4. Computational Approach

A wedge axisymmetric configuration of the combustion chamber presented in Figure 2 and connected with an ambient control volume is illustrated in Figure 3. This is the computational domain subject to our analysis. The domain was meshed with different resolutions following a quadrilateral dominant strategy to obtain an almost complete rectangular grid which is depicted in Figs. 4a and 4b. Due to the very fine grid size, only the most relevant details have been presented reflecting the rectangular shape and inflation layers near the walls.
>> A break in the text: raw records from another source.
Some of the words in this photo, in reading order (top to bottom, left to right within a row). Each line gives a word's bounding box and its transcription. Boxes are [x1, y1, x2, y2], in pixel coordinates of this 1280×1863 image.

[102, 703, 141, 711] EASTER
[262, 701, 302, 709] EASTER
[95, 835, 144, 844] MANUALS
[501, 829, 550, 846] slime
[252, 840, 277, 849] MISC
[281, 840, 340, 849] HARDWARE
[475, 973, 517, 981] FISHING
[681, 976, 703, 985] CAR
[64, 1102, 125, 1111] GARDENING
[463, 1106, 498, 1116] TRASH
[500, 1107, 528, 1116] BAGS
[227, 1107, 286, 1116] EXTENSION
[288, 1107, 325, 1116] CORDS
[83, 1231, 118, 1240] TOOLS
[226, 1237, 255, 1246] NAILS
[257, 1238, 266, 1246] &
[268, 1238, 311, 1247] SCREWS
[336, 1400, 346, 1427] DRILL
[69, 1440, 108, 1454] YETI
Given the limitations of computational resources, a grid independence test has been performed only for steady combustion simulation. Element sizes ranging from 0.3 to 0.12 mm have been used to obtain grids only in the combustion chamber counting from 100000 to 400000 elements. Additionally, starting with the 100000 cells grid, automatic refinement strategy has been developed with two different features. For mesh denoted Adapt 1, the refinement was done with a higher frequency leading to a grid counting around 300000 elements, while for the one denoted Adapt 2 the frequency was half the frequency of Adapt 1, thus obtaining a grid of around 200000 cells. The most important parameters have been compared among Adapt 1, Adapt 2 and a 400000 elements rectangular grid. The results presented in Figure 5 along a vertical probe line situated 6 mm downstream of the pintle outer wall show a very good correlation among the three grids. Given the highly unsteadiness of the flow during the ignition process, a grid refining procedure, although possible, would be very computationally expensive. Hence, it was decided to work on the 400000 elements rectangular grid inside combustion chamber. The overall structured mesh contains 793879 cells.
Figure 4. Mesh structure at: a) the injector region and b) the chamber upper-left corner.
Figure 4. Mesh structure at: a) the injector region and b) the chamber upper-left corner.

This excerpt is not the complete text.